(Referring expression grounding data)
::::
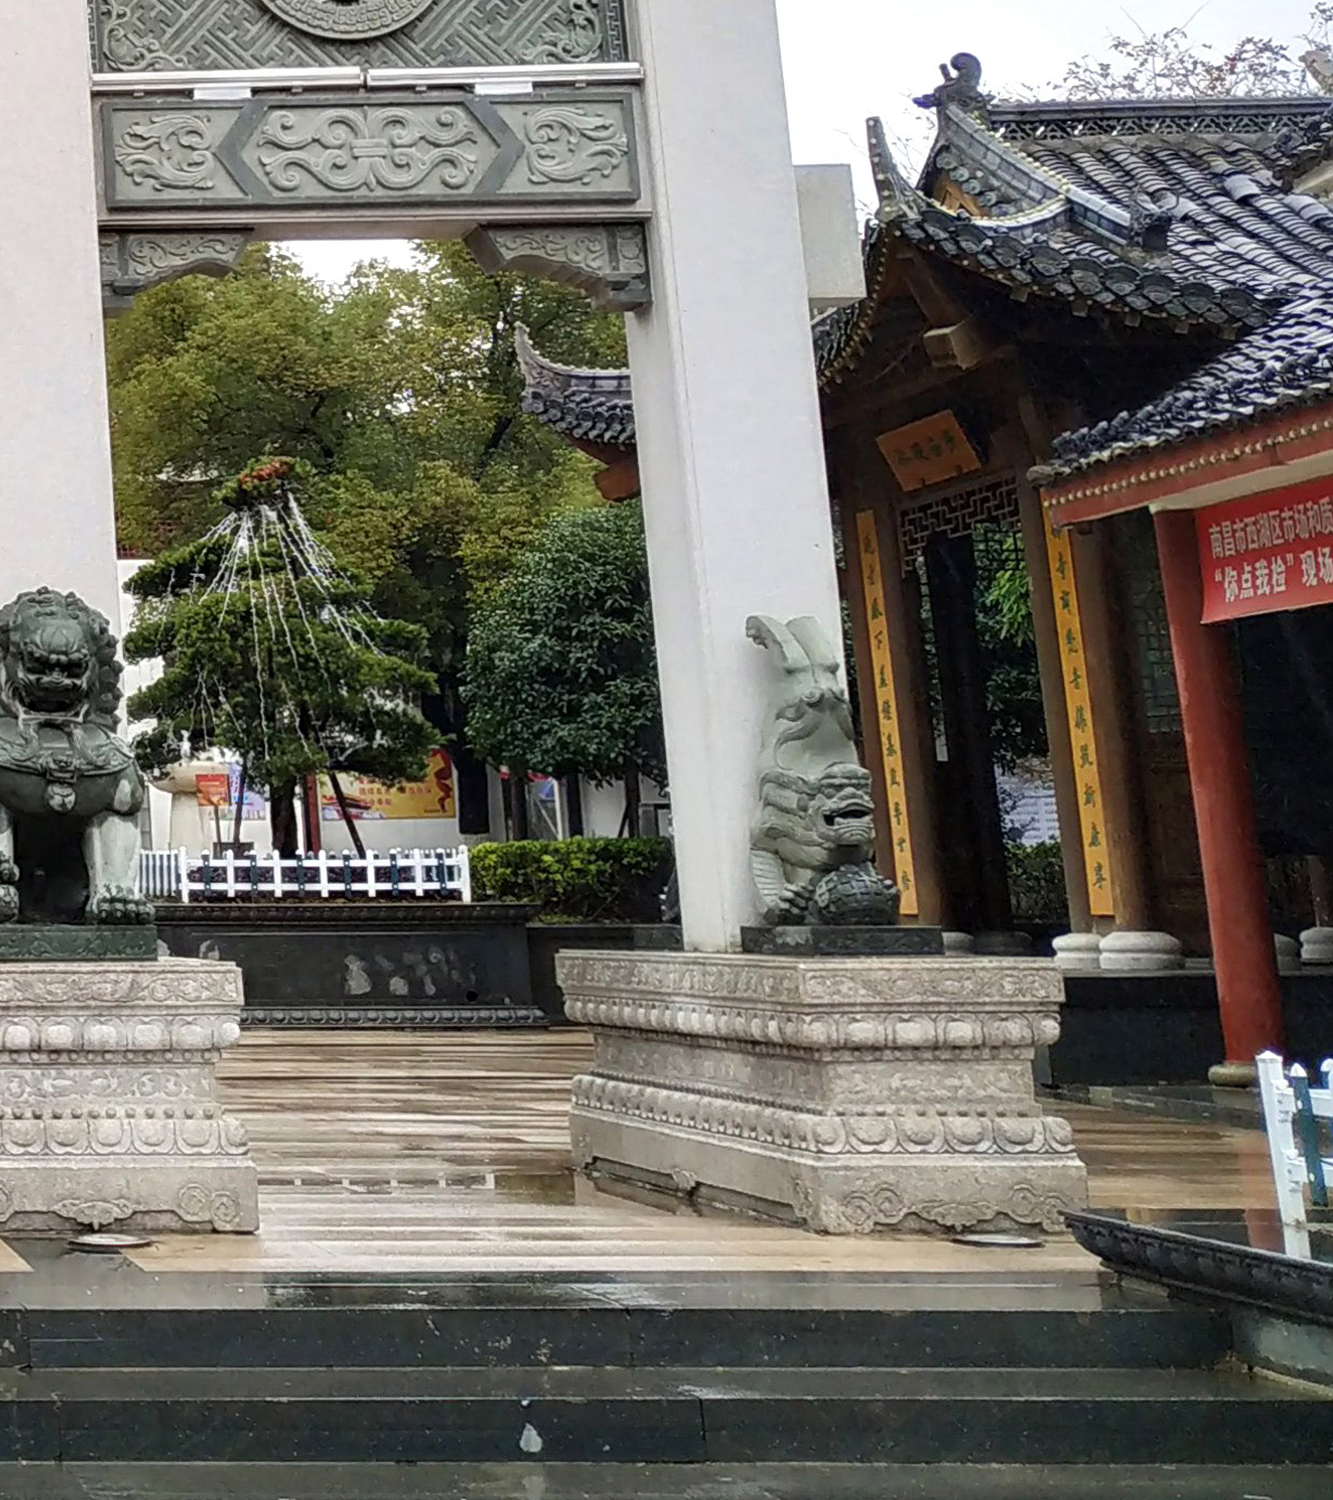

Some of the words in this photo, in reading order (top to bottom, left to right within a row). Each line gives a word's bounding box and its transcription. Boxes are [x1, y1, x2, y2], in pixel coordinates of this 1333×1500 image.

[1208, 496, 1333, 559] 南昌市西湖区市场和质
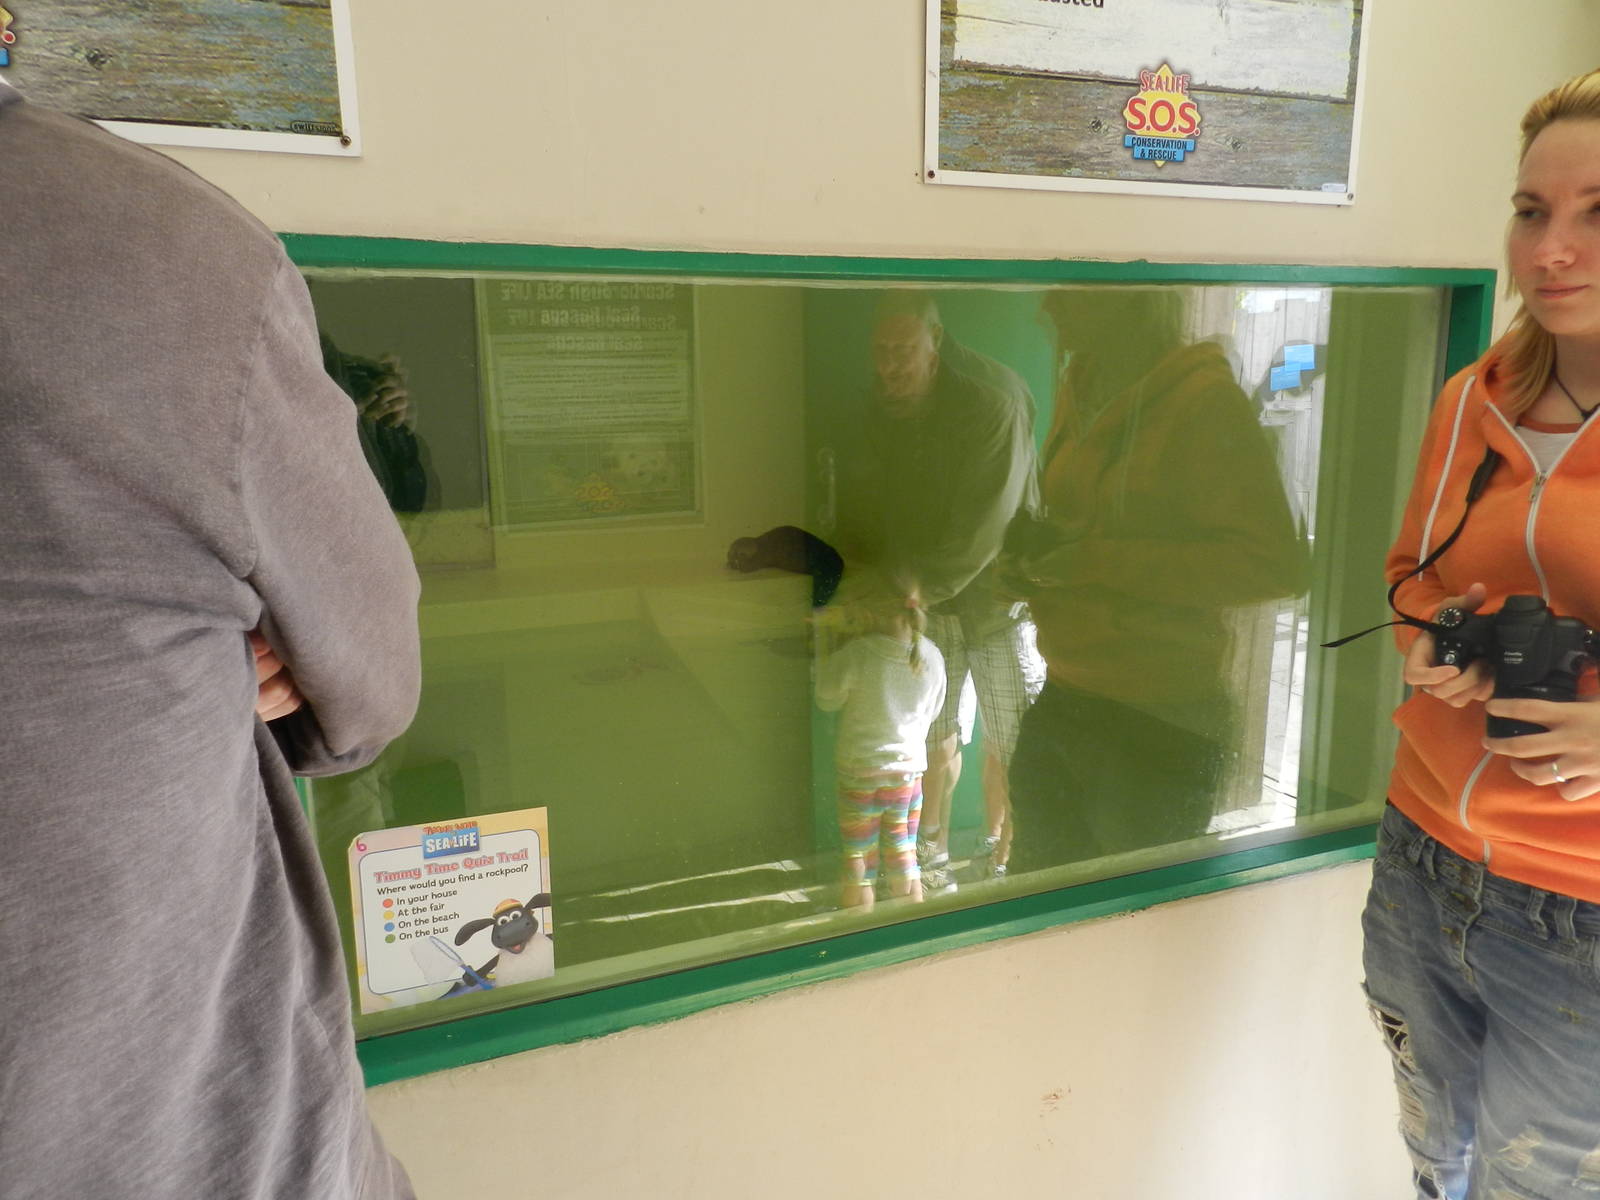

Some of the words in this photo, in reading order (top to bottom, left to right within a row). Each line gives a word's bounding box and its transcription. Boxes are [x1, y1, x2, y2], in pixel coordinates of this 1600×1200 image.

[1131, 137, 1187, 150] CONSERVATION
[1140, 149, 1146, 157] &
[1148, 149, 1177, 160] RESCUE
[356, 838, 368, 852] 6
[426, 837, 450, 853] SEA
[374, 868, 422, 883] Timmy
[424, 863, 460, 875] Time
[463, 855, 494, 869] Quiz
[496, 848, 528, 863] Trail
[377, 885, 407, 895] Where
[409, 880, 436, 890] would
[438, 877, 456, 887] you
[458, 873, 476, 882] find
[486, 863, 529, 877] rockpool?
[407, 894, 429, 905] your
[431, 889, 458, 899] house
[397, 908, 409, 917] At
[412, 907, 427, 915] the
[430, 903, 445, 912] fair
[398, 920, 412, 929] On
[414, 918, 429, 926] the
[432, 911, 460, 923] beach
[399, 932, 412, 940] On
[415, 929, 430, 938] the
[433, 926, 449, 935] bus
::::
> **TASK**
Output an exact copy of the lines from the one holding "this 1600×1200 image." to the last line of the data, inclusive, and nothing beyond that range.

> **YOUR SOLUTION**
Some of the words in this photo, in reading order (top to bottom, left to right within a row). Each line gives a word's bounding box and its transcription. Boxes are [x1, y1, x2, y2], in pixel coordinates of this 1600×1200 image.

[1131, 137, 1187, 150] CONSERVATION
[1140, 149, 1146, 157] &
[1148, 149, 1177, 160] RESCUE
[356, 838, 368, 852] 6
[426, 837, 450, 853] SEA
[374, 868, 422, 883] Timmy
[424, 863, 460, 875] Time
[463, 855, 494, 869] Quiz
[496, 848, 528, 863] Trail
[377, 885, 407, 895] Where
[409, 880, 436, 890] would
[438, 877, 456, 887] you
[458, 873, 476, 882] find
[486, 863, 529, 877] rockpool?
[407, 894, 429, 905] your
[431, 889, 458, 899] house
[397, 908, 409, 917] At
[412, 907, 427, 915] the
[430, 903, 445, 912] fair
[398, 920, 412, 929] On
[414, 918, 429, 926] the
[432, 911, 460, 923] beach
[399, 932, 412, 940] On
[415, 929, 430, 938] the
[433, 926, 449, 935] bus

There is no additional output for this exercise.